(Extracted records Opens)

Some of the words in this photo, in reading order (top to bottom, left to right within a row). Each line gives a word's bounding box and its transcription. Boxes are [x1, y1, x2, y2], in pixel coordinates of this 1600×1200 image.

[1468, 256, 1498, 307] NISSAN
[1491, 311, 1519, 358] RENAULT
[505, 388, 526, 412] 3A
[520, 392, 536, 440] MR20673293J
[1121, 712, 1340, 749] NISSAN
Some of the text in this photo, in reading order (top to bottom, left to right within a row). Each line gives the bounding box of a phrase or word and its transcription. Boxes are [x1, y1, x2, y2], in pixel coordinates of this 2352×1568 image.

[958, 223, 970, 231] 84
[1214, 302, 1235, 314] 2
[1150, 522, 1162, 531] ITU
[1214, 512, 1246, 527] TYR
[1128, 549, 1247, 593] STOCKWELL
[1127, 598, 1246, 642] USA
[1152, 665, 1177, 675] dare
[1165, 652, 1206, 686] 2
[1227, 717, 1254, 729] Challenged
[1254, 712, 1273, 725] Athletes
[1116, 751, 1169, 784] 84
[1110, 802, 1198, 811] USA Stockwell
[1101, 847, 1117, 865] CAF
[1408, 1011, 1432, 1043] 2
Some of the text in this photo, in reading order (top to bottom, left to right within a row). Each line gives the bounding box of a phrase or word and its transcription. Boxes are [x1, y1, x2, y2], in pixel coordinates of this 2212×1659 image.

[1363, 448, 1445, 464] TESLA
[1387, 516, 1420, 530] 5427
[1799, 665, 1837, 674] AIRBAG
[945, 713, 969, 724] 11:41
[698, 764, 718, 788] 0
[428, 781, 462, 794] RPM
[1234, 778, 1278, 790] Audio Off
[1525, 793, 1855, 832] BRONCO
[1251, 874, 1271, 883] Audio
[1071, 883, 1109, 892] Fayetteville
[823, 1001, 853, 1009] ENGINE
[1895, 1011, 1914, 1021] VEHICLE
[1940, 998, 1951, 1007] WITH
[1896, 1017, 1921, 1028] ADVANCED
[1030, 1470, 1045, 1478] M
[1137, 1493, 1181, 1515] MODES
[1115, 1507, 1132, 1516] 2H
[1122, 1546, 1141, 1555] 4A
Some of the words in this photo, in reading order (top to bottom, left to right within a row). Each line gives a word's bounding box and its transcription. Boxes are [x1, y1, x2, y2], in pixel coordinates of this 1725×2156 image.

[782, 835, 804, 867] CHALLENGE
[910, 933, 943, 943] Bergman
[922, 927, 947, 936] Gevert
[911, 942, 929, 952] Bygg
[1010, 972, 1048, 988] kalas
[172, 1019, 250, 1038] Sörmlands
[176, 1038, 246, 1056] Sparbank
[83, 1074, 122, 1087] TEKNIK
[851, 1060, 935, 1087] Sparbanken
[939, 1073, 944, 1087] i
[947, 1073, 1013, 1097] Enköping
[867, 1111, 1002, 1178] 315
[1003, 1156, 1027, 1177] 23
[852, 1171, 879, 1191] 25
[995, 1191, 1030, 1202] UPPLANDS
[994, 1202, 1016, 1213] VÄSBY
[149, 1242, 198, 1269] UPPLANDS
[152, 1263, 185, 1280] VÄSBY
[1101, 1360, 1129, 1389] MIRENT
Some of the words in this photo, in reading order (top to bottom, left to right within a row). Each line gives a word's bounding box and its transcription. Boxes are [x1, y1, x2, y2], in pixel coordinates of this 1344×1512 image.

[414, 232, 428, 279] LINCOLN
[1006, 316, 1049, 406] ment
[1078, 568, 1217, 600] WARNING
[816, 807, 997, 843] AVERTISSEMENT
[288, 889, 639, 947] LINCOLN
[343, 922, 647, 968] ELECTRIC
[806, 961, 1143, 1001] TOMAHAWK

(Extracted records Closes)

**What to produce**. An exact restatement of the data is required.

**Result for this exercise**.
Some of the words in this photo, in reading order (top to bottom, left to right within a row). Each line gives a word's bounding box and its transcription. Boxes are [x1, y1, x2, y2], in pixel coordinates of this 1600×1200 image.

[1468, 256, 1498, 307] NISSAN
[1491, 311, 1519, 358] RENAULT
[505, 388, 526, 412] 3A
[520, 392, 536, 440] MR20673293J
[1121, 712, 1340, 749] NISSAN
Some of the text in this photo, in reading order (top to bottom, left to right within a row). Each line gives the bounding box of a phrase or word and its transcription. Boxes are [x1, y1, x2, y2], in pixel coordinates of this 2352×1568 image.

[958, 223, 970, 231] 84
[1214, 302, 1235, 314] 2
[1150, 522, 1162, 531] ITU
[1214, 512, 1246, 527] TYR
[1128, 549, 1247, 593] STOCKWELL
[1127, 598, 1246, 642] USA
[1152, 665, 1177, 675] dare
[1165, 652, 1206, 686] 2
[1227, 717, 1254, 729] Challenged
[1254, 712, 1273, 725] Athletes
[1116, 751, 1169, 784] 84
[1110, 802, 1198, 811] USA Stockwell
[1101, 847, 1117, 865] CAF
[1408, 1011, 1432, 1043] 2
Some of the text in this photo, in reading order (top to bottom, left to right within a row). Each line gives the bounding box of a phrase or word and its transcription. Boxes are [x1, y1, x2, y2], in pixel coordinates of this 2212×1659 image.

[1363, 448, 1445, 464] TESLA
[1387, 516, 1420, 530] 5427
[1799, 665, 1837, 674] AIRBAG
[945, 713, 969, 724] 11:41
[698, 764, 718, 788] 0
[428, 781, 462, 794] RPM
[1234, 778, 1278, 790] Audio Off
[1525, 793, 1855, 832] BRONCO
[1251, 874, 1271, 883] Audio
[1071, 883, 1109, 892] Fayetteville
[823, 1001, 853, 1009] ENGINE
[1895, 1011, 1914, 1021] VEHICLE
[1940, 998, 1951, 1007] WITH
[1896, 1017, 1921, 1028] ADVANCED
[1030, 1470, 1045, 1478] M
[1137, 1493, 1181, 1515] MODES
[1115, 1507, 1132, 1516] 2H
[1122, 1546, 1141, 1555] 4A
Some of the words in this photo, in reading order (top to bottom, left to right within a row). Each line gives a word's bounding box and its transcription. Boxes are [x1, y1, x2, y2], in pixel coordinates of this 1725×2156 image.

[782, 835, 804, 867] CHALLENGE
[910, 933, 943, 943] Bergman
[922, 927, 947, 936] Gevert
[911, 942, 929, 952] Bygg
[1010, 972, 1048, 988] kalas
[172, 1019, 250, 1038] Sörmlands
[176, 1038, 246, 1056] Sparbank
[83, 1074, 122, 1087] TEKNIK
[851, 1060, 935, 1087] Sparbanken
[939, 1073, 944, 1087] i
[947, 1073, 1013, 1097] Enköping
[867, 1111, 1002, 1178] 315
[1003, 1156, 1027, 1177] 23
[852, 1171, 879, 1191] 25
[995, 1191, 1030, 1202] UPPLANDS
[994, 1202, 1016, 1213] VÄSBY
[149, 1242, 198, 1269] UPPLANDS
[152, 1263, 185, 1280] VÄSBY
[1101, 1360, 1129, 1389] MIRENT
Some of the words in this photo, in reading order (top to bottom, left to right within a row). Each line gives a word's bounding box and its transcription. Boxes are [x1, y1, x2, y2], in pixel coordinates of this 1344×1512 image.

[414, 232, 428, 279] LINCOLN
[1006, 316, 1049, 406] ment
[1078, 568, 1217, 600] WARNING
[816, 807, 997, 843] AVERTISSEMENT
[288, 889, 639, 947] LINCOLN
[343, 922, 647, 968] ELECTRIC
[806, 961, 1143, 1001] TOMAHAWK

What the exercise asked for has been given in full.